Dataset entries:
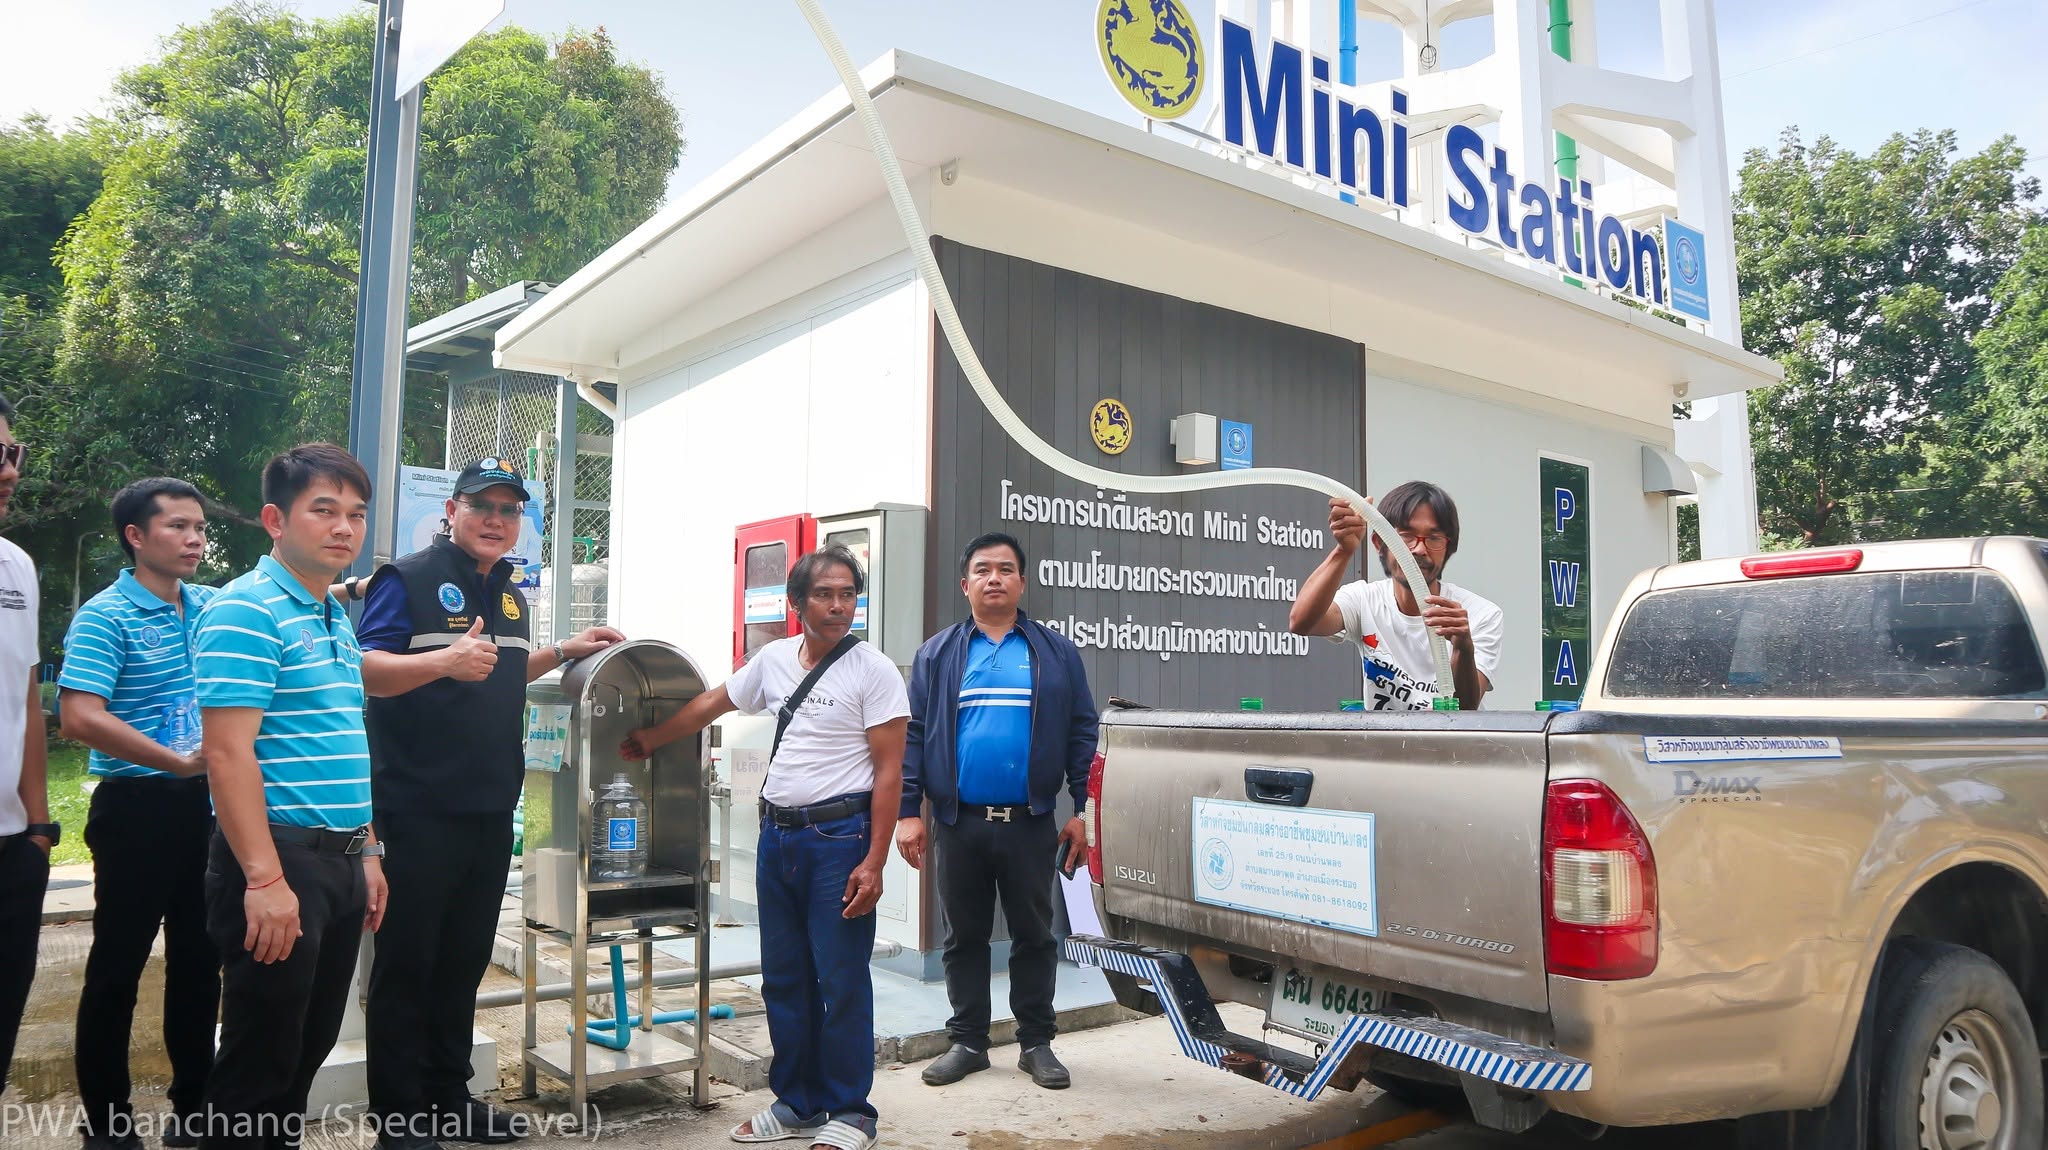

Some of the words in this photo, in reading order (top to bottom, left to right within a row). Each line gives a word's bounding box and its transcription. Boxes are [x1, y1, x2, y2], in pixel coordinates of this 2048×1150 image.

[1220, 15, 1409, 210] Mini
[1445, 122, 1664, 306] Station
[1001, 479, 1194, 537] โครงการนำดืมสะอาด
[1204, 510, 1247, 542] Mini
[1257, 515, 1324, 549] Station
[1039, 550, 1297, 602] ตามนโยบายกระทรวงมหาดไทย
[1036, 615, 1309, 661] รประปาส่วนภูมิภาคสาขาบ้านฉาง
[783, 695, 835, 706] OGINALS
[1679, 795, 1762, 804] SPACECAB
[1276, 850, 1293, 860] 25/9
[1115, 865, 1156, 885] ISUZU
[1312, 893, 1368, 912] 081-8618092
[1442, 931, 1516, 954] TURBO
[1304, 1017, 1335, 1036] ระยอง

§ WORK REQUEST:
Every line above should be returned word for word, with the pictures left behind.

§ ANSWER FOR THE TASK:
Some of the words in this photo, in reading order (top to bottom, left to right within a row). Each line gives a word's bounding box and its transcription. Boxes are [x1, y1, x2, y2], in pixel coordinates of this 2048×1150 image.

[1220, 15, 1409, 210] Mini
[1445, 122, 1664, 306] Station
[1001, 479, 1194, 537] โครงการนำดืมสะอาด
[1204, 510, 1247, 542] Mini
[1257, 515, 1324, 549] Station
[1039, 550, 1297, 602] ตามนโยบายกระทรวงมหาดไทย
[1036, 615, 1309, 661] รประปาส่วนภูมิภาคสาขาบ้านฉาง
[783, 695, 835, 706] OGINALS
[1679, 795, 1762, 804] SPACECAB
[1276, 850, 1293, 860] 25/9
[1115, 865, 1156, 885] ISUZU
[1312, 893, 1368, 912] 081-8618092
[1442, 931, 1516, 954] TURBO
[1304, 1017, 1335, 1036] ระยอง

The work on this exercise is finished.